• Task instructions:
Retype every record exactly. Leave the pictures out.

Source data section start

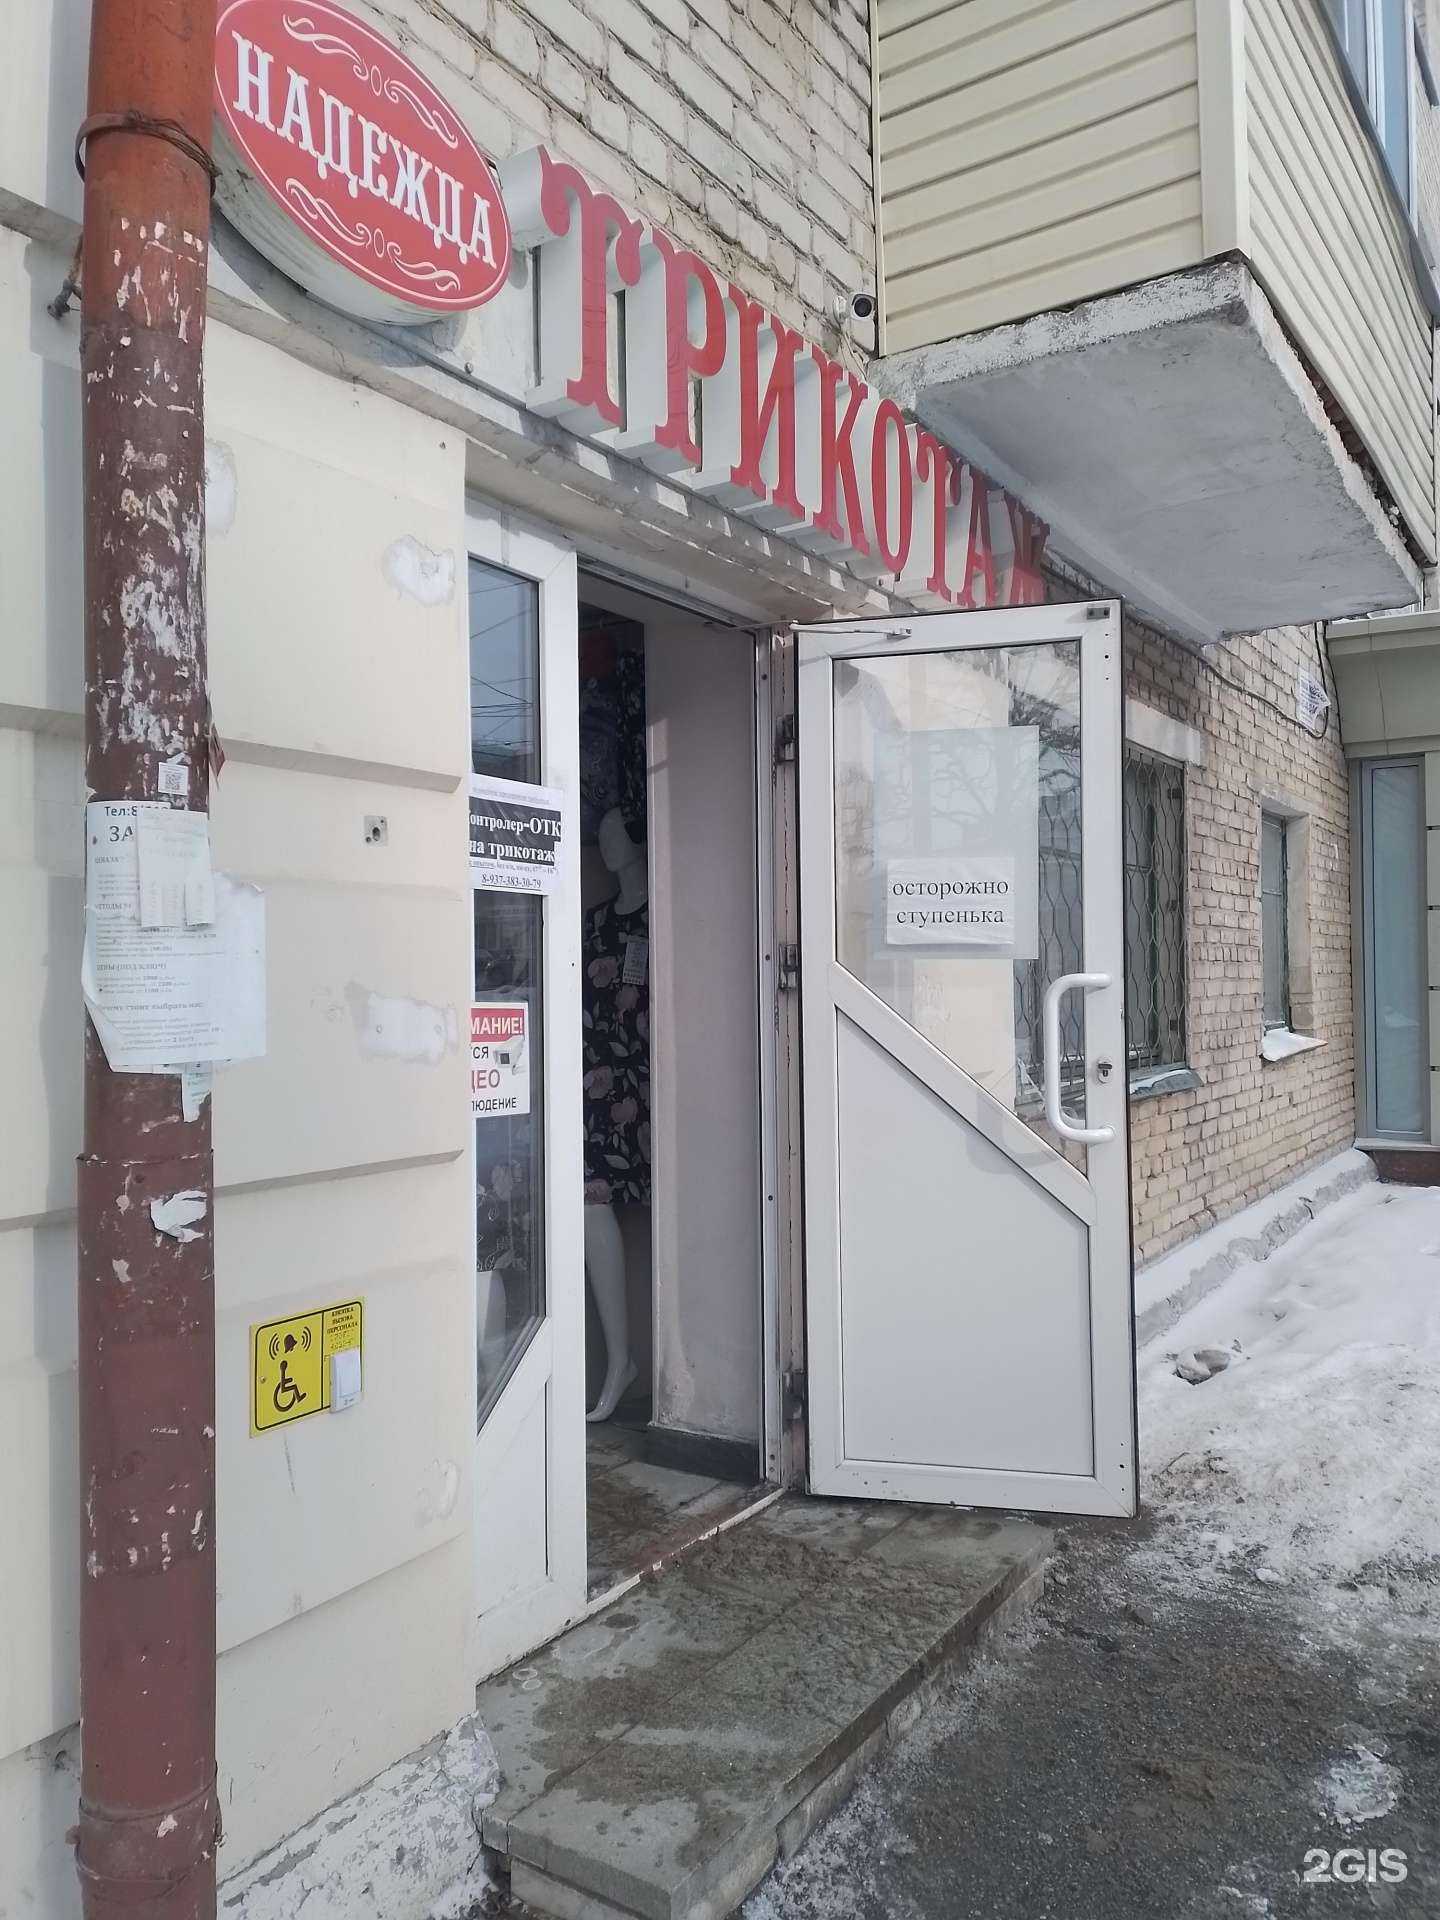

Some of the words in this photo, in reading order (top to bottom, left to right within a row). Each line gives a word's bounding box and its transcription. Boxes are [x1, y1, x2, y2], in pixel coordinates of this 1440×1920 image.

[232, 31, 497, 268] НАДЕЖДА
[541, 144, 1050, 608] ТРИКОТАЖ
[468, 814, 561, 837] онтролер-ОТК
[488, 843, 556, 862] трикотаж
[481, 873, 542, 889] 8-937-383-30-79
[892, 880, 1009, 899] осторожно
[896, 909, 1004, 928] ступенька
[471, 1046, 489, 1060] СЯ
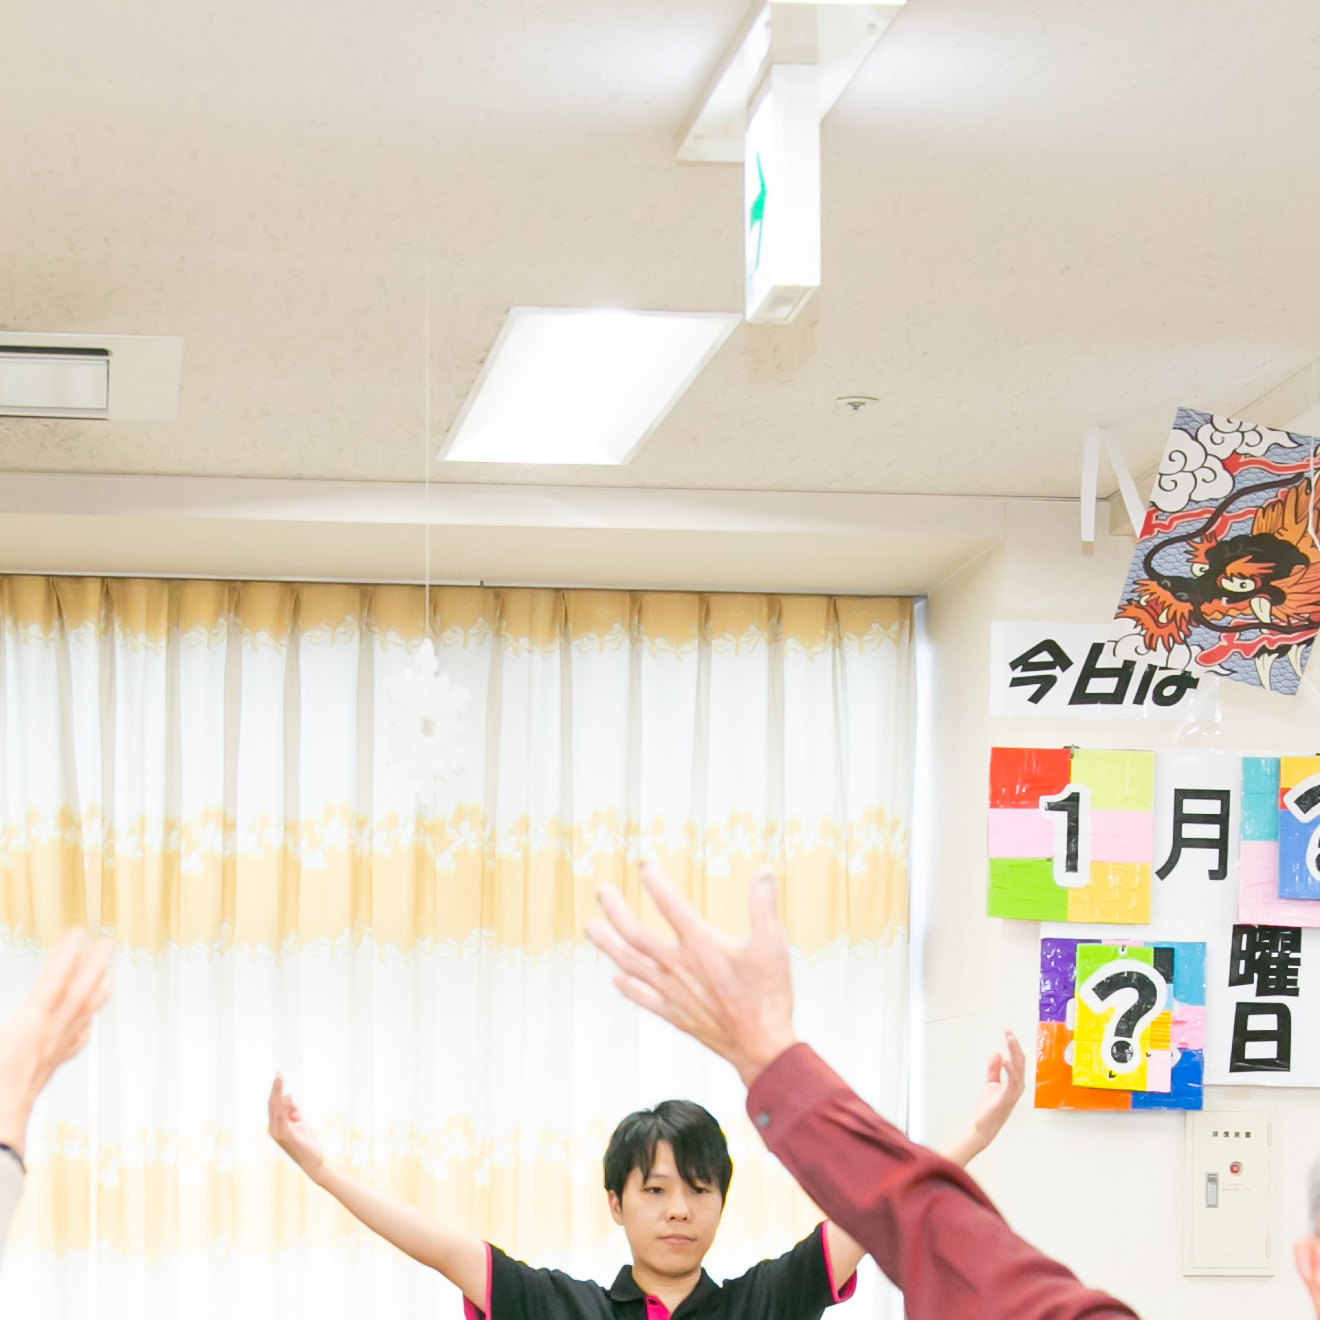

Source data section end

• Written answer:
Some of the words in this photo, in reading order (top to bottom, left to right within a row). Each line gives a word's bounding box and its transcription. Boxes are [x1, y1, x2, y2], in pixel coordinates of this 1440×1920 image.

[232, 31, 497, 268] НАДЕЖДА
[541, 144, 1050, 608] ТРИКОТАЖ
[468, 814, 561, 837] онтролер-ОТК
[488, 843, 556, 862] трикотаж
[481, 873, 542, 889] 8-937-383-30-79
[892, 880, 1009, 899] осторожно
[896, 909, 1004, 928] ступенька
[471, 1046, 489, 1060] СЯ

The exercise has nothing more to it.